* Task goal: Copy out only the span from the line with "this 1244×1718 image." to the end of the data, both ends kept, word for word.

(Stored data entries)
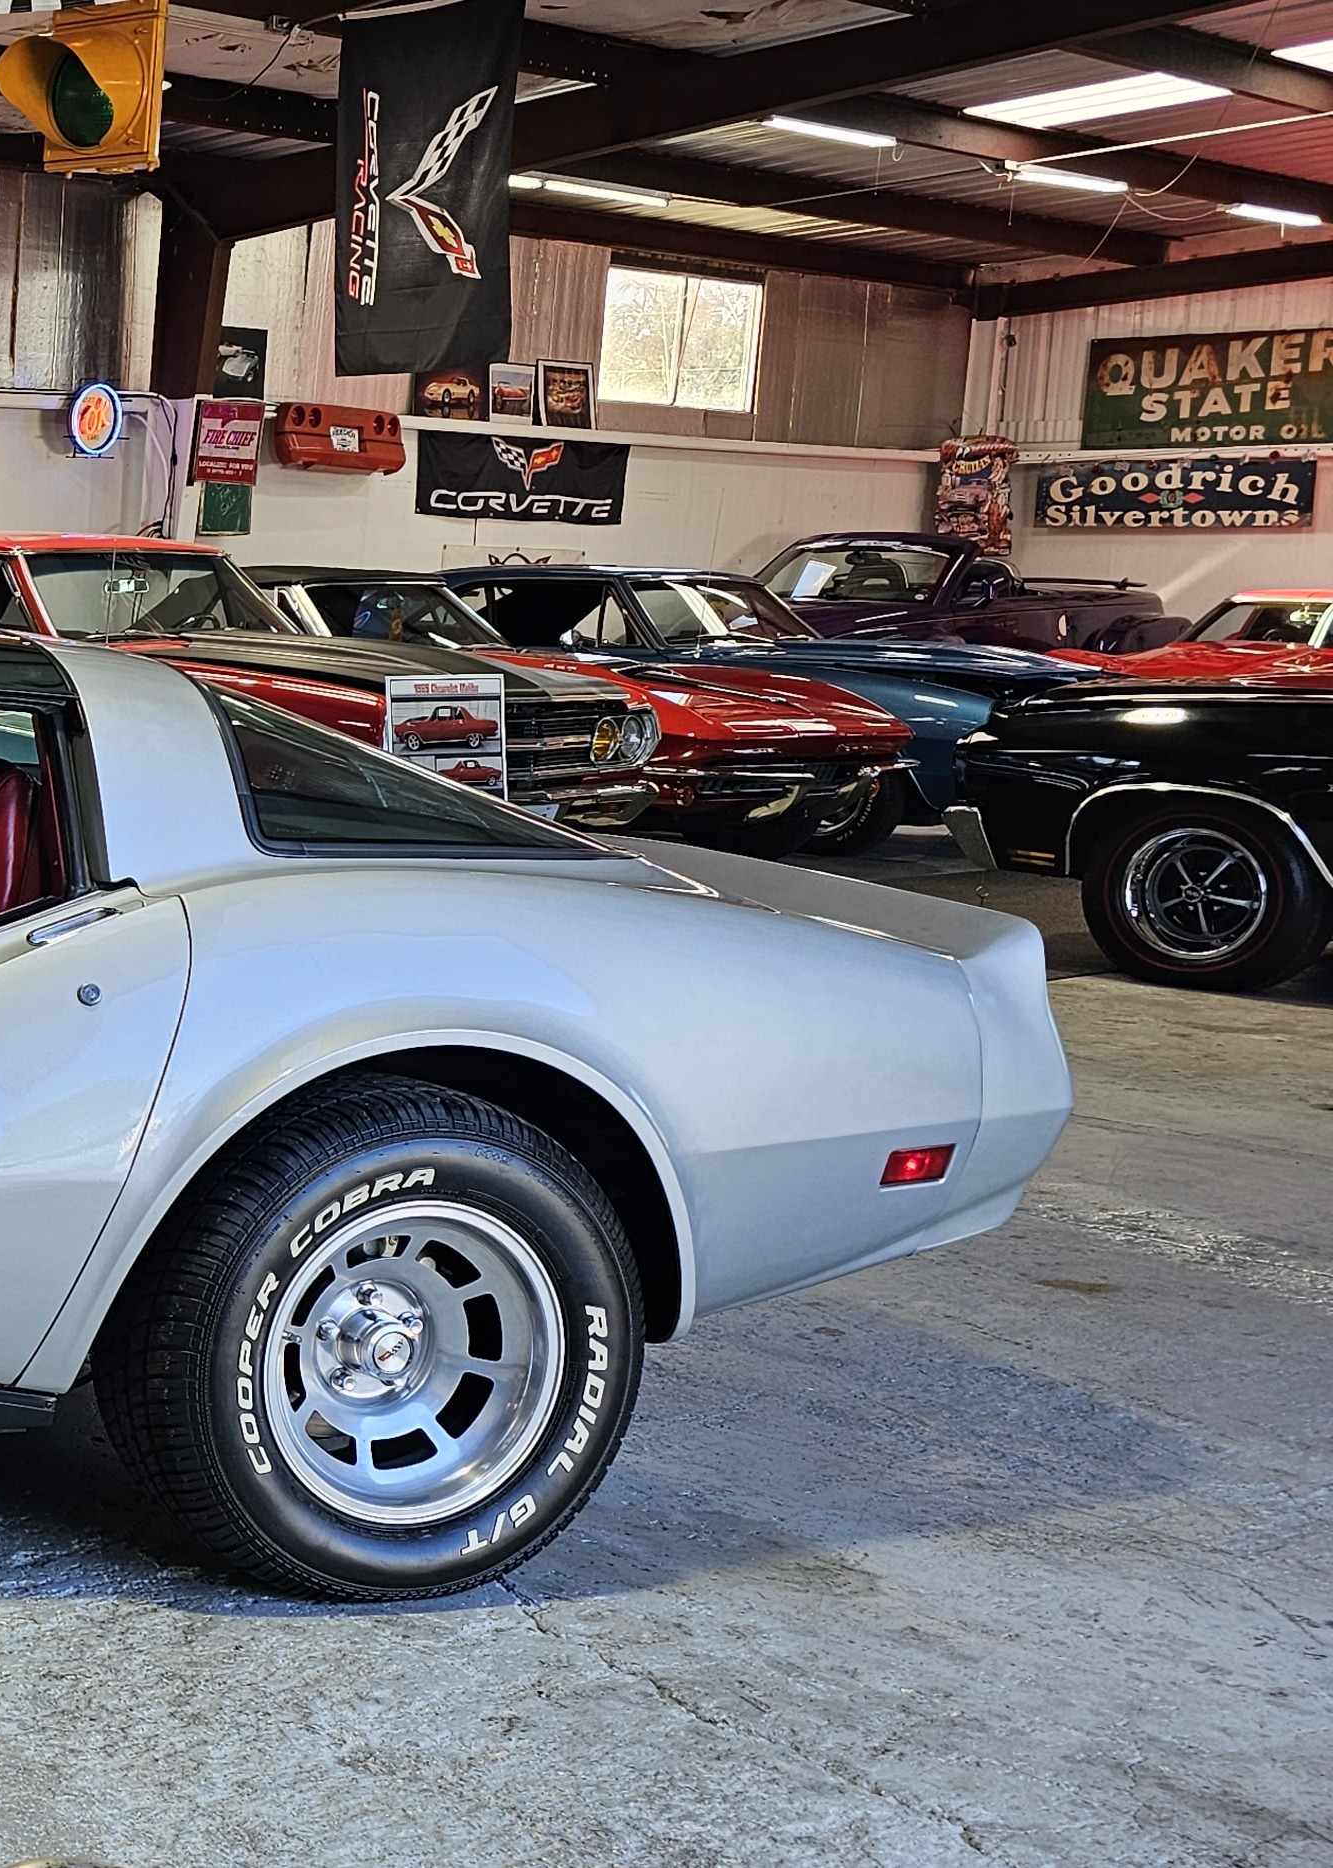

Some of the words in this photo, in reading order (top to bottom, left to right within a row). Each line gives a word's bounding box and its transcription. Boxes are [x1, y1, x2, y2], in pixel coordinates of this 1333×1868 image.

[349, 88, 369, 299] RACING
[360, 90, 380, 306] CORVETTE
[1097, 329, 1333, 397] QUAKER
[1140, 381, 1292, 423] STATE
[203, 429, 225, 444] FIRE
[226, 430, 257, 447] CHIEF
[1170, 425, 1266, 443] MOTOR
[430, 489, 613, 518] CORVETTE
[1049, 463, 1300, 505] Goodrich
[1045, 504, 1300, 528] Silvertowns
[235, 1271, 282, 1475] COOPER
[290, 1166, 436, 1259] COBRA
[545, 1302, 610, 1477] RADIAL
[460, 1493, 538, 1558] G/T
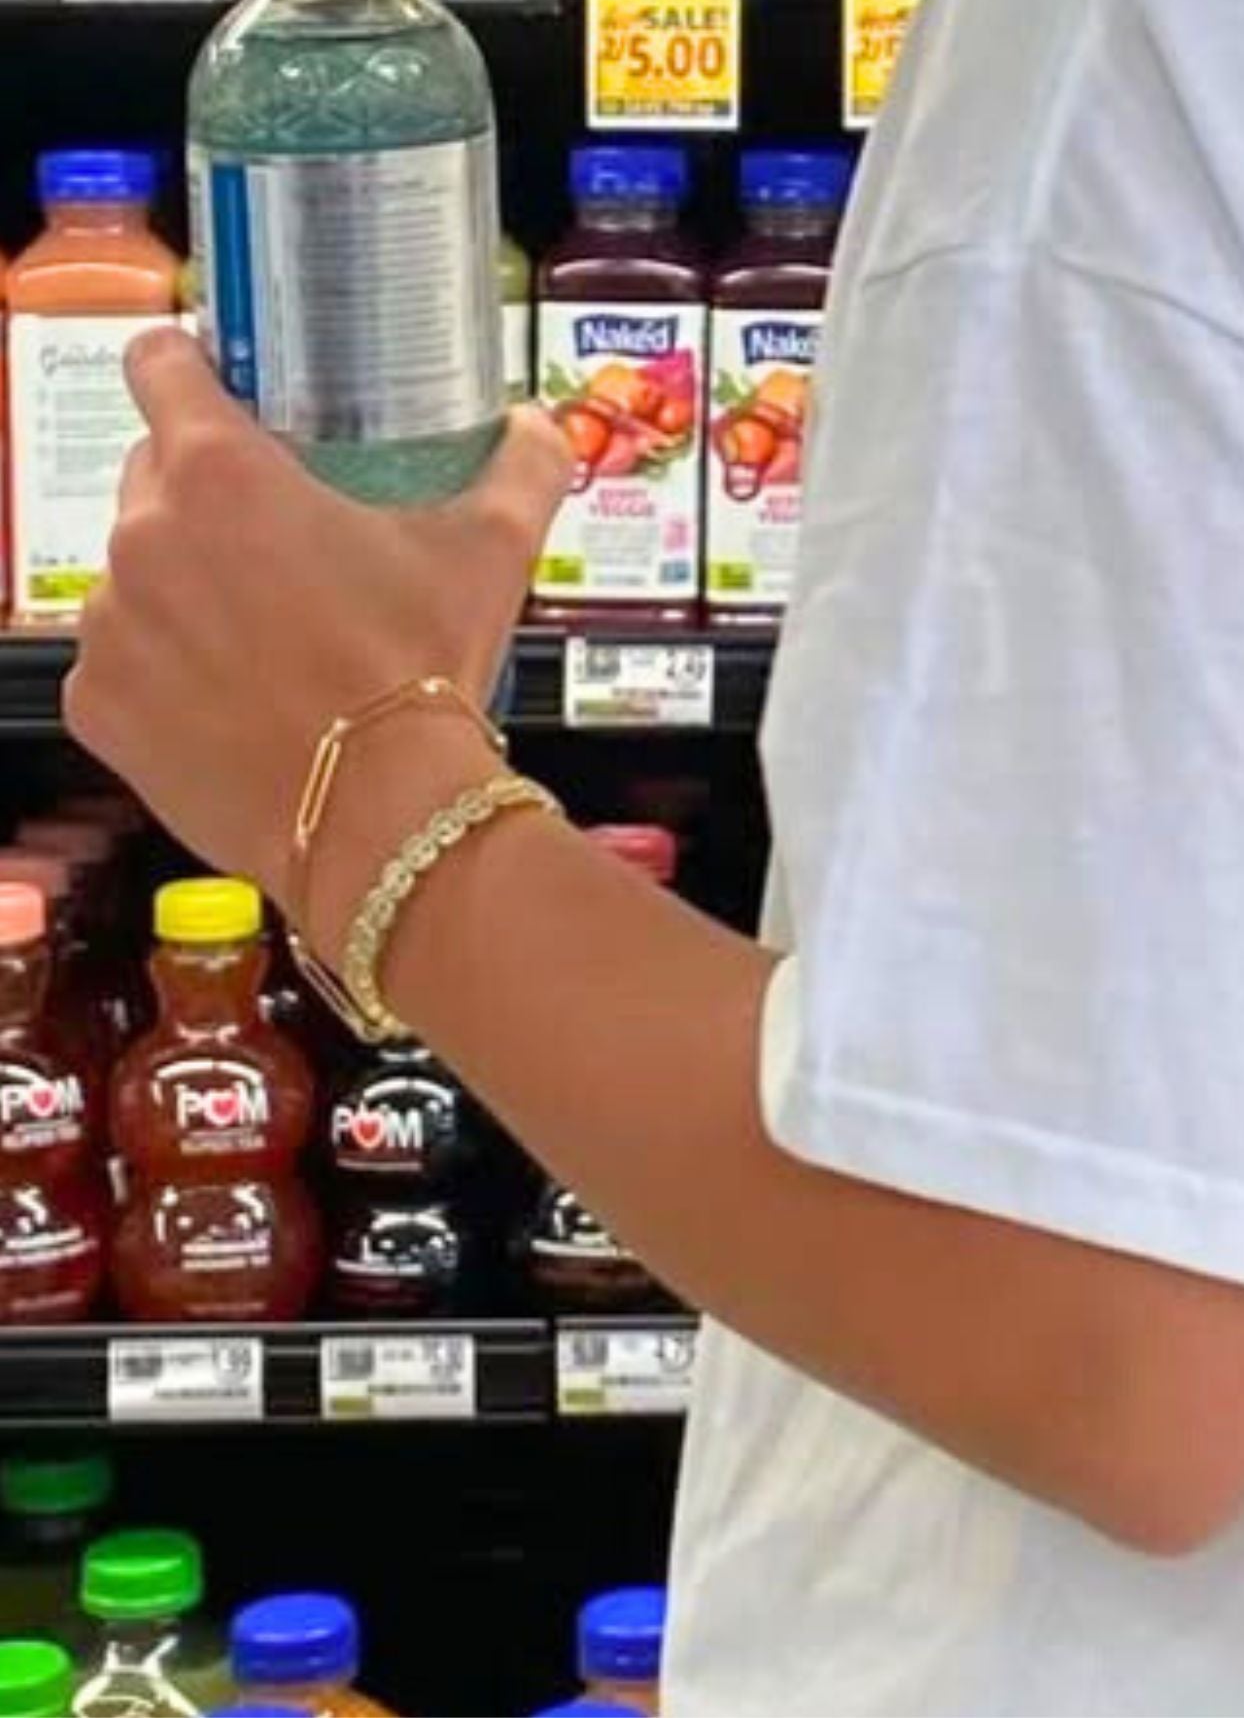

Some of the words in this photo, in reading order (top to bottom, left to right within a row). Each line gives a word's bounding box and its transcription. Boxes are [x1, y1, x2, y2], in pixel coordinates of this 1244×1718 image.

[643, 5, 729, 31] SALE!
[580, 318, 670, 352] Naked
[0, 1076, 84, 1124] POM
[175, 1079, 269, 1131] POM
[331, 1102, 424, 1151] POM

* Solution to the problem:
Some of the words in this photo, in reading order (top to bottom, left to right within a row). Each line gives a word's bounding box and its transcription. Boxes are [x1, y1, x2, y2], in pixel coordinates of this 1244×1718 image.

[643, 5, 729, 31] SALE!
[580, 318, 670, 352] Naked
[0, 1076, 84, 1124] POM
[175, 1079, 269, 1131] POM
[331, 1102, 424, 1151] POM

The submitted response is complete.